This hearing has been postponed to Oct. 11. In Court: A pre-trial is scheduled for 2:30 p.m. before Circuit Judge Terence Perkins in Courtroom 401 at the Flagler County Courthouse in the case of Brendan Depa, the former Matanzas High School special needs student accused of assaulting a paraprofessional, in an incident recorded on video. See: “Despite Severe Autism, Judge Finds Depa, Ex-Matanzas High Student, Competent to Be Tried for Assault on Aide,” and “Brendan Depa’s Mother Tells Her Son’s Story.”
Lane closure today: The lane closure planned on Belle Terre Parkway is for the final phase of construction on the pedestrian path rehabilitation project just south of Buddy Taylor. This lane closure will be in effect on September 7 (Thursday) from 10 a.m. to 1 p.m. during school operating hours. The closure is necessary as the contractor will be onsite to complete repairs.
In Coming Days:
September 16: Flagler OARS’ 3rd Annual Recovery Festival at Veterans Park in Flagler Beach, from 3 to 9 p.m., with live bands, food trucks, exhibitors, hosted by Open Arms Recovery Services. Vendor booth space and sponsorships available. Click here or contact [email protected].

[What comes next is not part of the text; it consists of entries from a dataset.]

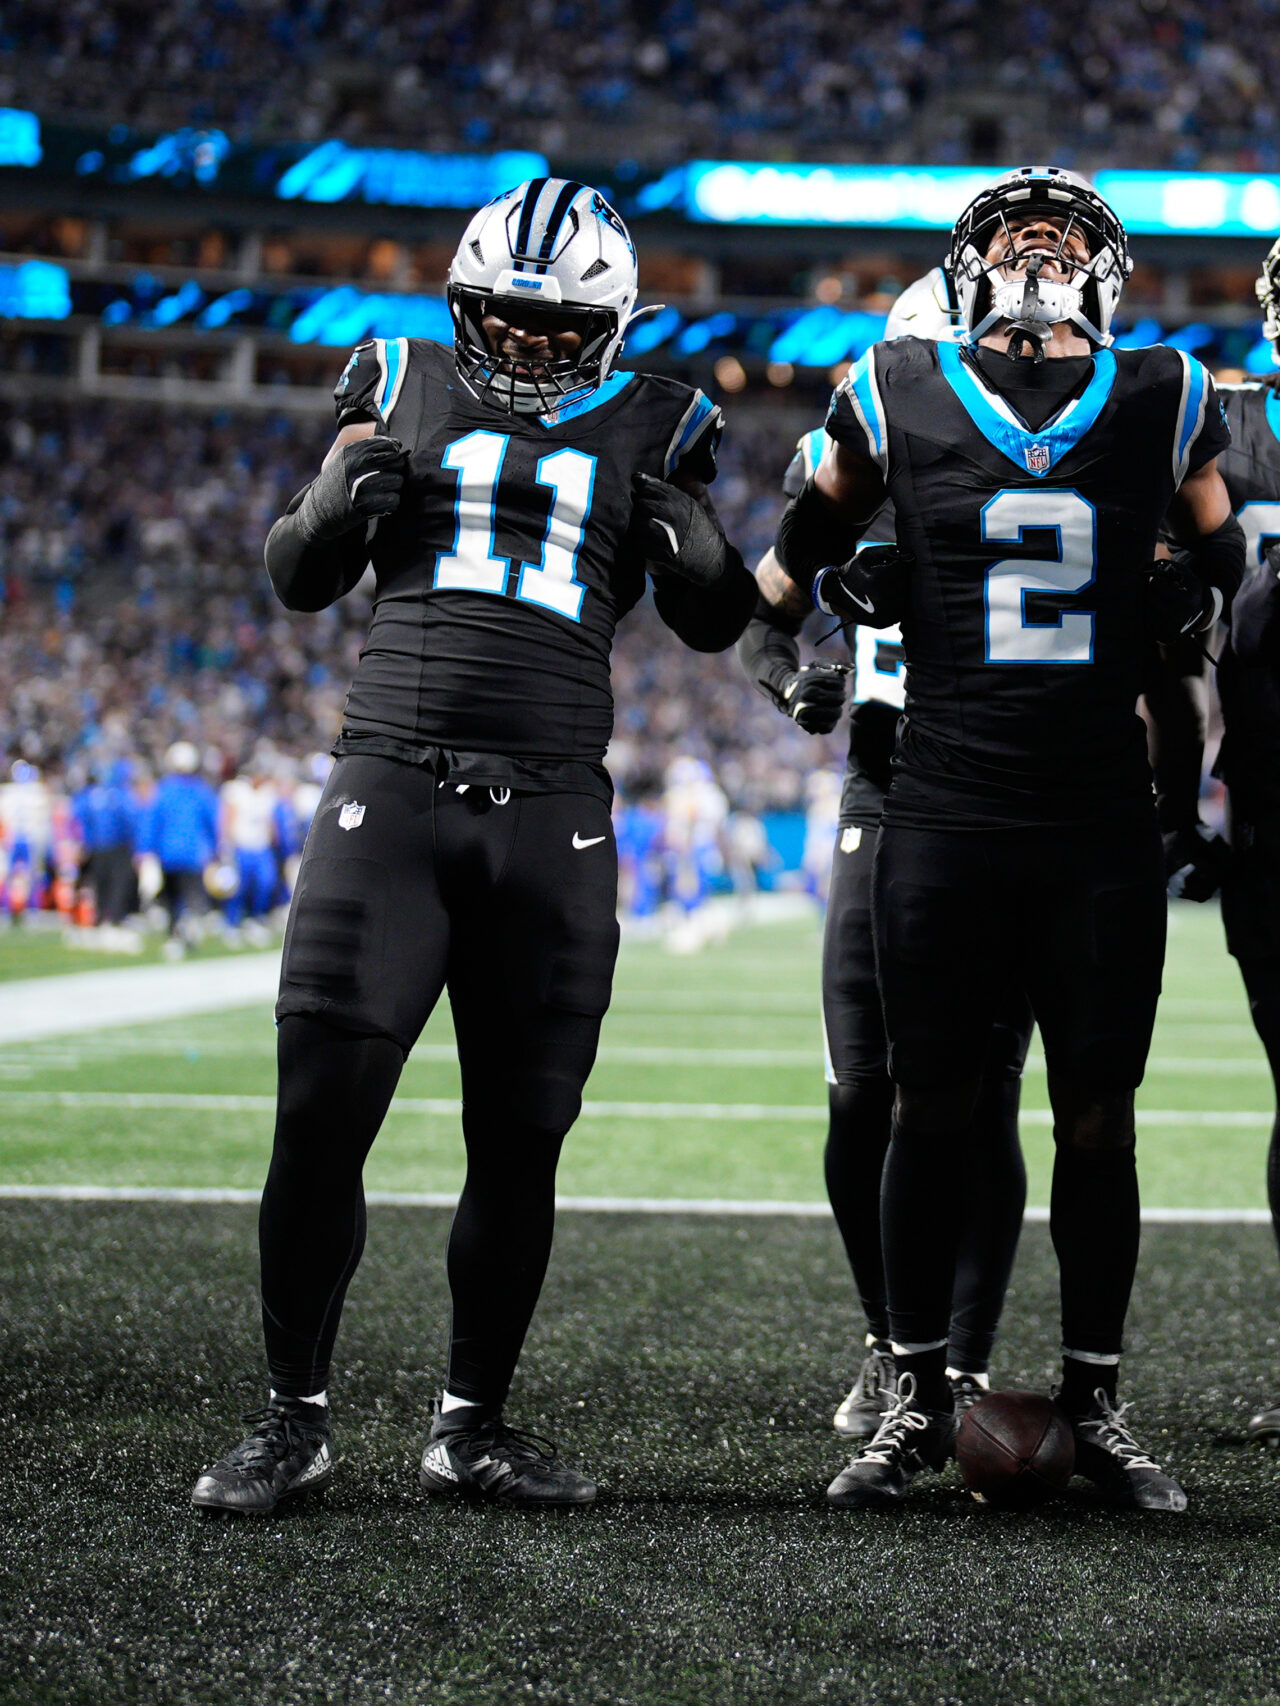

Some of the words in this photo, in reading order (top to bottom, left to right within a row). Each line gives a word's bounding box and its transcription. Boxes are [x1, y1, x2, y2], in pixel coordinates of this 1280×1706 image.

[1029, 456, 1047, 469] NFL
[433, 430, 598, 622] 11
[980, 488, 1098, 664] 2
[424, 1456, 459, 1483] adidas
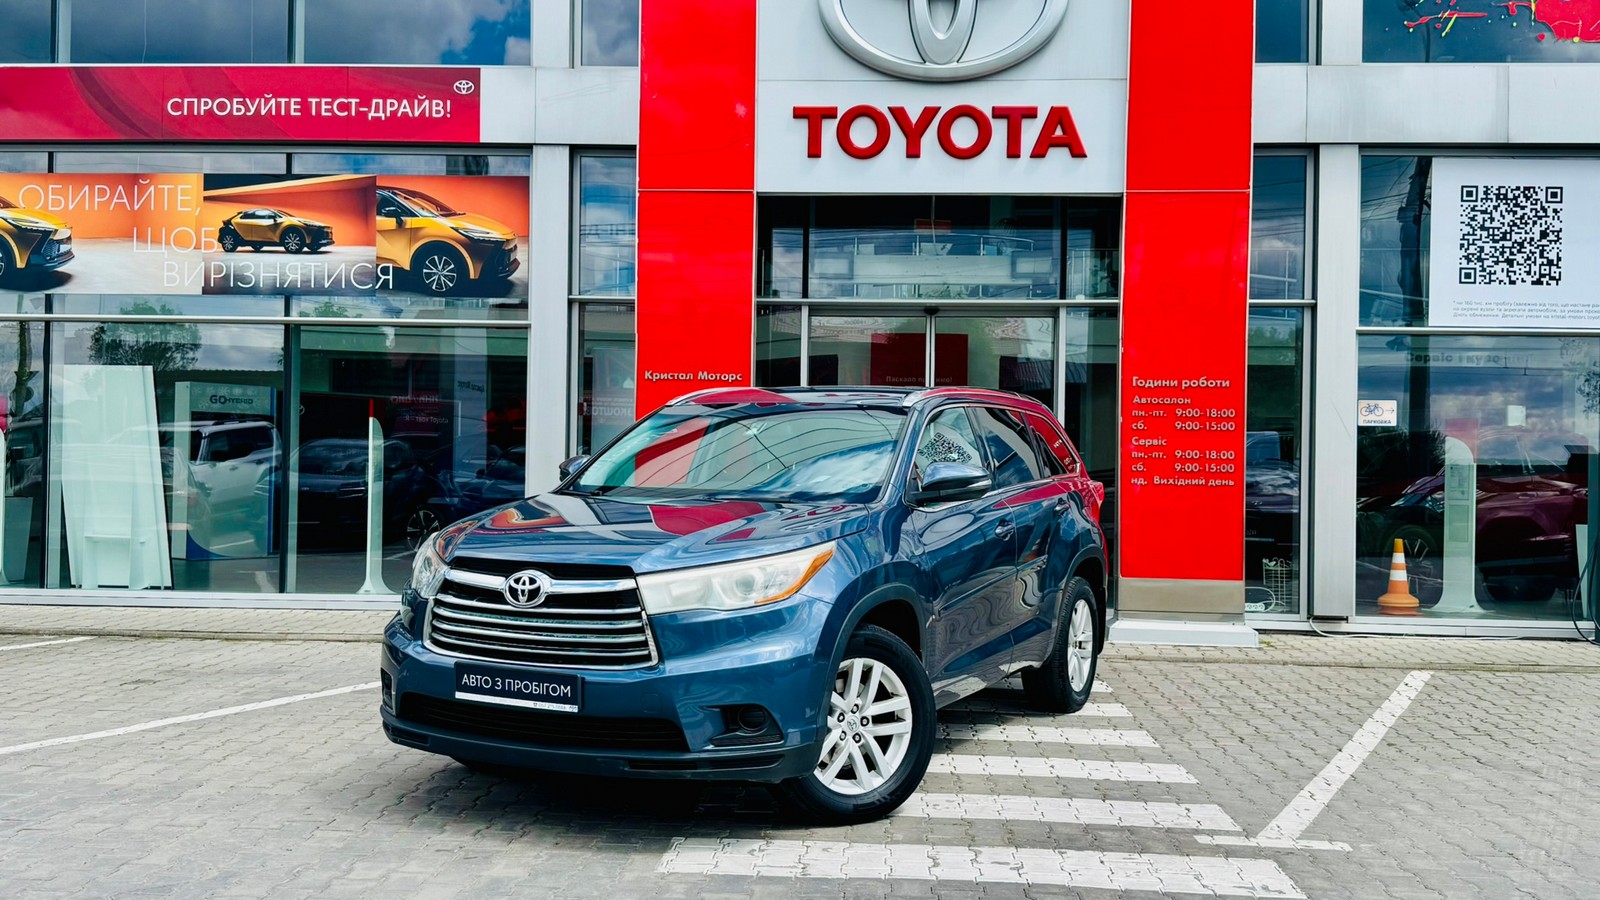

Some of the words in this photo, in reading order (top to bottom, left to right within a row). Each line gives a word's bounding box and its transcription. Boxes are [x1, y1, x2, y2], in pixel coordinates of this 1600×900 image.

[167, 94, 302, 117] СПРОБУЙТЕ
[308, 94, 452, 121] ТЕСТ-ДРАЙВ!
[793, 105, 1086, 160] TOYOTA
[18, 178, 201, 216] ОБИРАЙТЕ,
[133, 226, 218, 258] ЩОБ
[163, 261, 393, 290] ВИРІЗНЯТИСЯ
[644, 369, 694, 384] Кристал
[697, 370, 743, 385] Моторс
[1132, 376, 1178, 388] Години
[1181, 376, 1230, 390] роботи
[1132, 395, 1191, 404] Автосалон
[1131, 409, 1167, 418] пн.-пт.
[1175, 408, 1236, 418] 9:00-18:00
[1131, 420, 1147, 430] сб.
[1174, 421, 1236, 431] 9:00-15:00
[1131, 436, 1167, 448] Сервіс
[1131, 450, 1167, 459] пн.-пт.
[1174, 449, 1236, 460] 9:00-18:00
[1131, 462, 1147, 472] сб.
[1174, 463, 1235, 473] 9:00-15:00
[1131, 477, 1148, 487] нд.
[1153, 475, 1206, 486] Вихідний
[1207, 478, 1235, 488] день
[461, 673, 492, 689] АВТО
[494, 677, 502, 690] З
[505, 678, 571, 698] ПРОБІГОМ

Keep in Mind: The Belle Terre Swim & Racquet Club is open, welcoming and taking new memberships, and if you enroll before Sept. 1, you’ll beat the price increase kicking in then. Experience the many amenities including a lap pool, wading pool, tennis/pickleball courts, sauna, and a modern wellness center–all for less than what you’d pay just for a fitness center at your typical commercial gym. Friendly staff is available to answer any questions you may have about becoming a member. Belle Terre Swim and Racquet Club is the sort of place where you can connect with fellow community members and experience the welcoming atmosphere that sets BTSRC apart. If you have any questions, feel free to call at 386-446-6717. If you would like to learn more about our club and membership options please visit online.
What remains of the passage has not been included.